Problem to solve ::
Transcribe the entries exactly as they stand below, passing over any picture.

Free-text object descriptions:
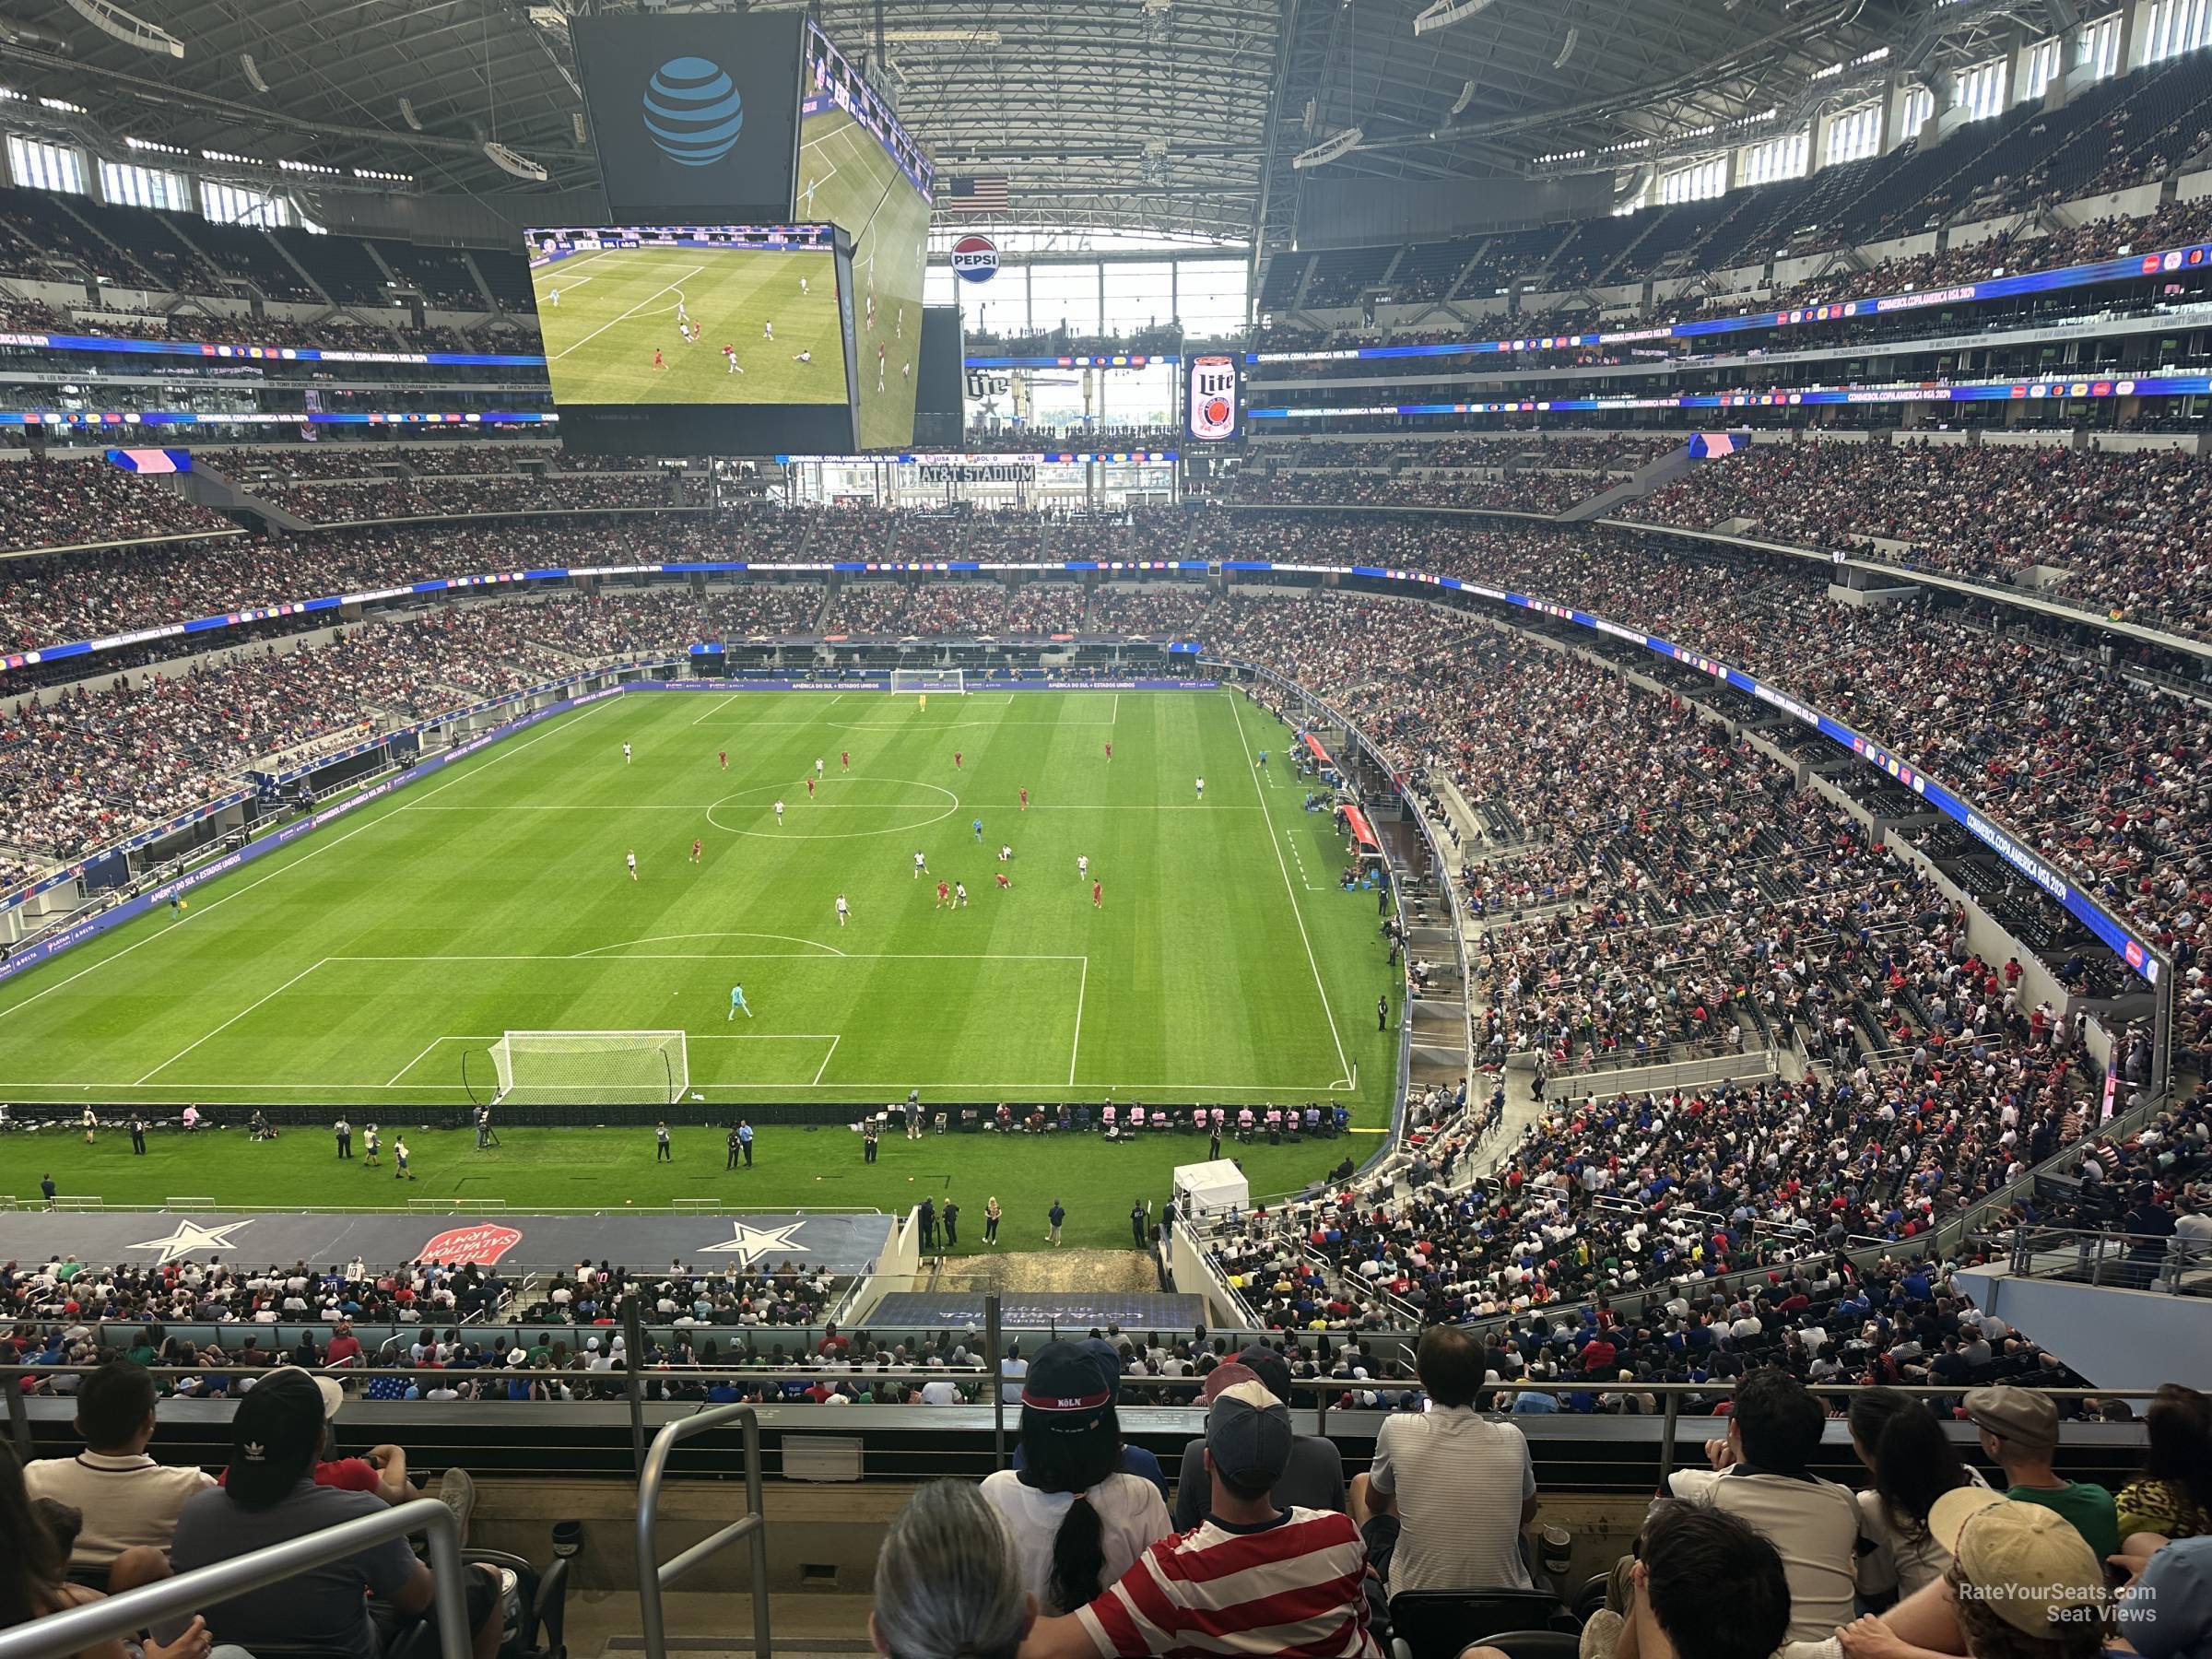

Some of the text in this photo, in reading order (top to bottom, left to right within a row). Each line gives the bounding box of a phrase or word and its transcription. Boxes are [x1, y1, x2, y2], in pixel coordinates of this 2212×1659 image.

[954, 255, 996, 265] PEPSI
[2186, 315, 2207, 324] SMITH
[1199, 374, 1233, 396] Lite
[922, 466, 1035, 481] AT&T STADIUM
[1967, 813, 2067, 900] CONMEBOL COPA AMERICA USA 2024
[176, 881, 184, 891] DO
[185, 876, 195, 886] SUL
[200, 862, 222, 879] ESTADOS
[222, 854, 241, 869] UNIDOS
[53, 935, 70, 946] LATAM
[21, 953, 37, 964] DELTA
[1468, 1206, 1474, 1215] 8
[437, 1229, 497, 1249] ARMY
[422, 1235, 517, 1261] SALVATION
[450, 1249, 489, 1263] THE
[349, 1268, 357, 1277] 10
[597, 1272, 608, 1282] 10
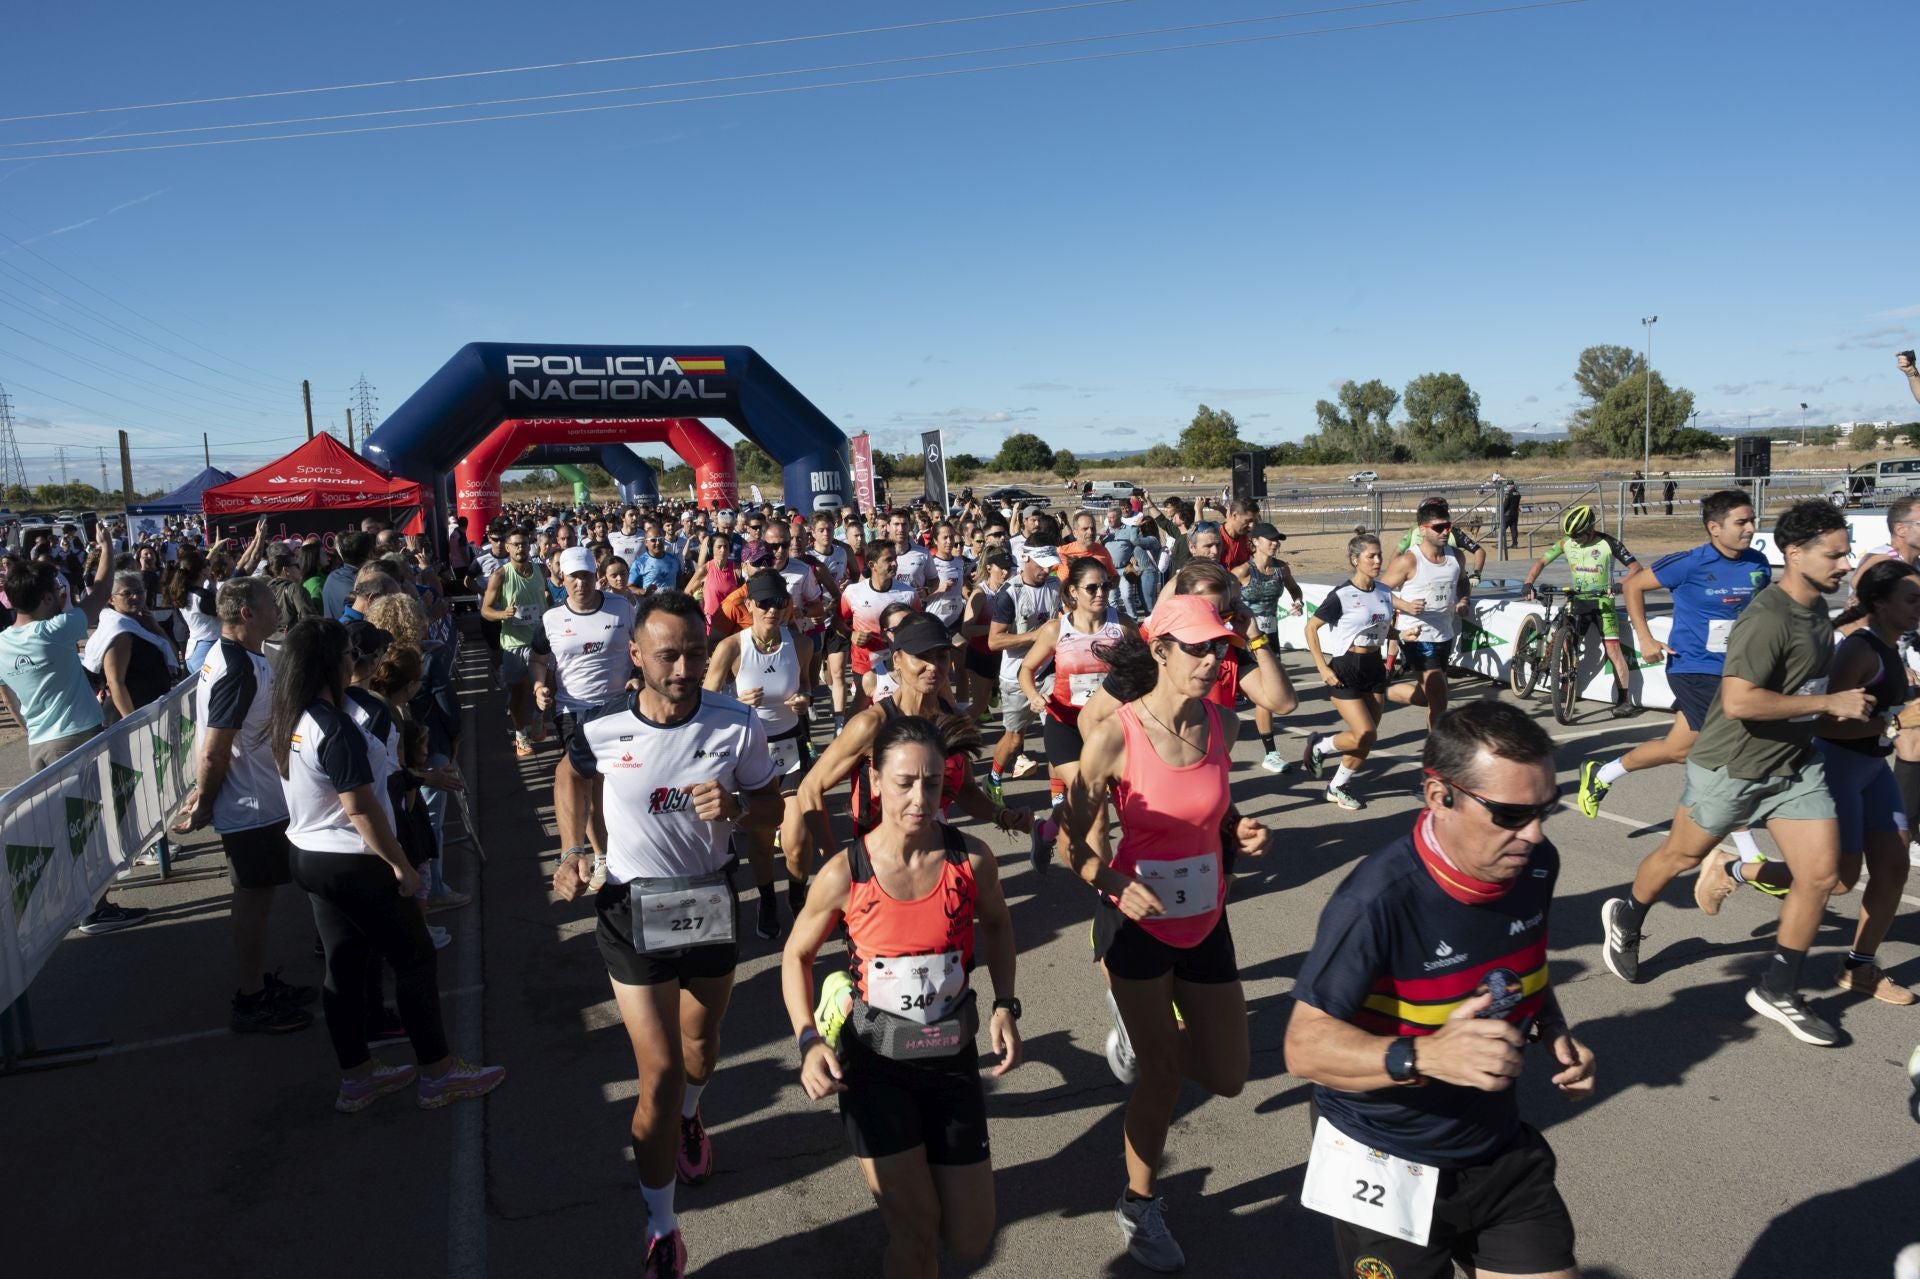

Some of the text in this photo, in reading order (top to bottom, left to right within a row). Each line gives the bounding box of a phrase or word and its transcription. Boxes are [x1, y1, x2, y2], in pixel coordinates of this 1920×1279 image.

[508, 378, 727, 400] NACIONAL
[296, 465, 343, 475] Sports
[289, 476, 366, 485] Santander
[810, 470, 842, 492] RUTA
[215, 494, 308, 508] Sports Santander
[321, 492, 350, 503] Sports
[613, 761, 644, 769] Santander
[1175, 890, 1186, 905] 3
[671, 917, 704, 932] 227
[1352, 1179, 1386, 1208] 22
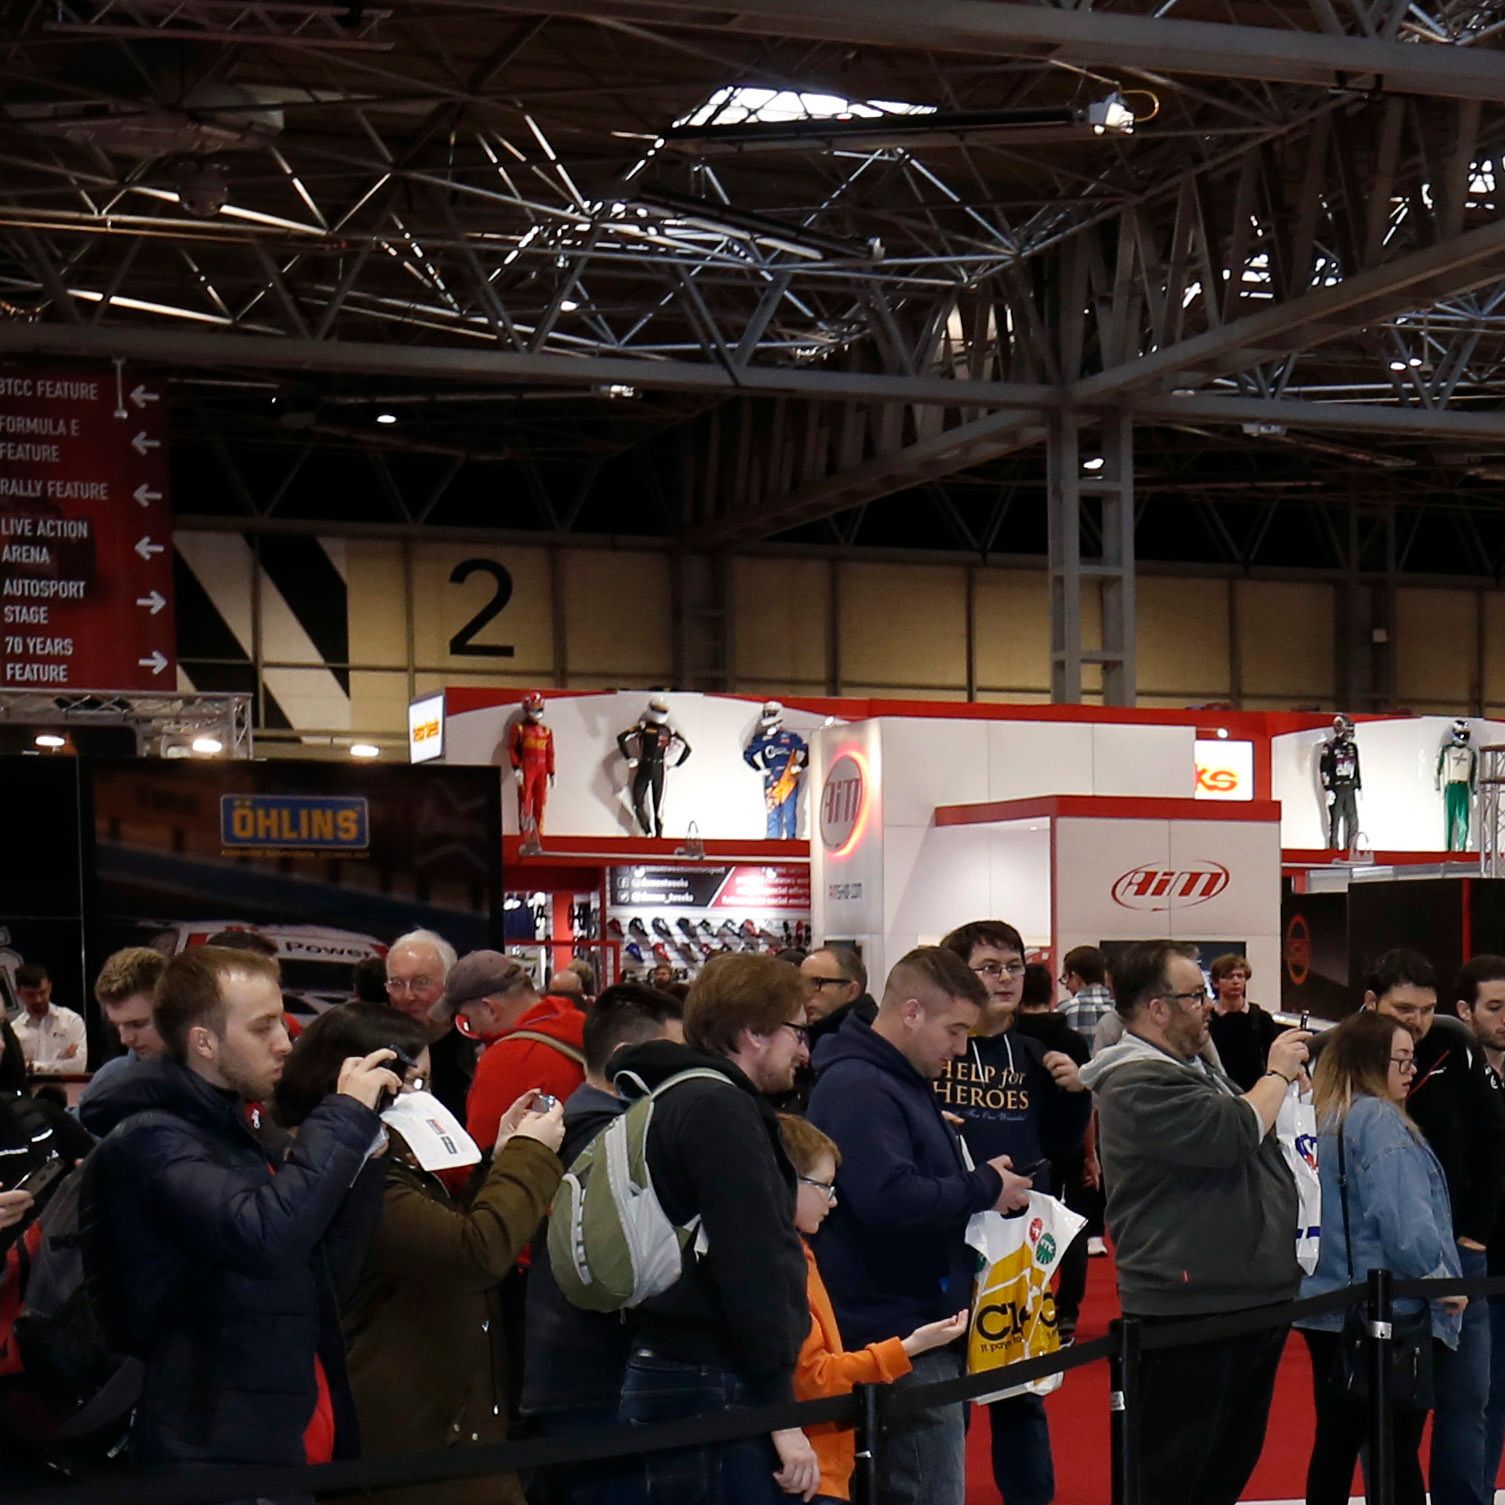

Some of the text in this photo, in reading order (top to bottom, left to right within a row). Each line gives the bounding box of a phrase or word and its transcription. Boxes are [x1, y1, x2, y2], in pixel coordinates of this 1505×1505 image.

Solved exercise ::
Some of the text in this photo, in reading order (top to bottom, left to right within a row). Each line gives the bounding box of a phrase or word and its transcription. Boxes are [x1, y1, x2, y2], in pixel coordinates of this 2212×1659 image.

[954, 255, 996, 265] PEPSI
[2186, 315, 2207, 324] SMITH
[1199, 374, 1233, 396] Lite
[922, 466, 1035, 481] AT&T STADIUM
[1967, 813, 2067, 900] CONMEBOL COPA AMERICA USA 2024
[176, 881, 184, 891] DO
[185, 876, 195, 886] SUL
[200, 862, 222, 879] ESTADOS
[222, 854, 241, 869] UNIDOS
[53, 935, 70, 946] LATAM
[21, 953, 37, 964] DELTA
[1468, 1206, 1474, 1215] 8
[437, 1229, 497, 1249] ARMY
[422, 1235, 517, 1261] SALVATION
[450, 1249, 489, 1263] THE
[349, 1268, 357, 1277] 10
[597, 1272, 608, 1282] 10

Some of the text in this photo, in reading order (top to bottom, left to right within a row). Each line gives the bounding box of a phrase or word and its transcription. Boxes are [x1, y1, x2, y2], in pixel coordinates of this 1920×1279 image.

[508, 378, 727, 400] NACIONAL
[296, 465, 343, 475] Sports
[289, 476, 366, 485] Santander
[810, 470, 842, 492] RUTA
[215, 494, 308, 508] Sports Santander
[321, 492, 350, 503] Sports
[613, 761, 644, 769] Santander
[1175, 890, 1186, 905] 3
[671, 917, 704, 932] 227
[1352, 1179, 1386, 1208] 22

Some of the text in this photo, in reading order (top to bottom, left to right within a row). Each line gives the bounding box of a phrase or word and its transcription. Boxes are [x1, y1, x2, y2], in pixel coordinates of this 1505×1505 image.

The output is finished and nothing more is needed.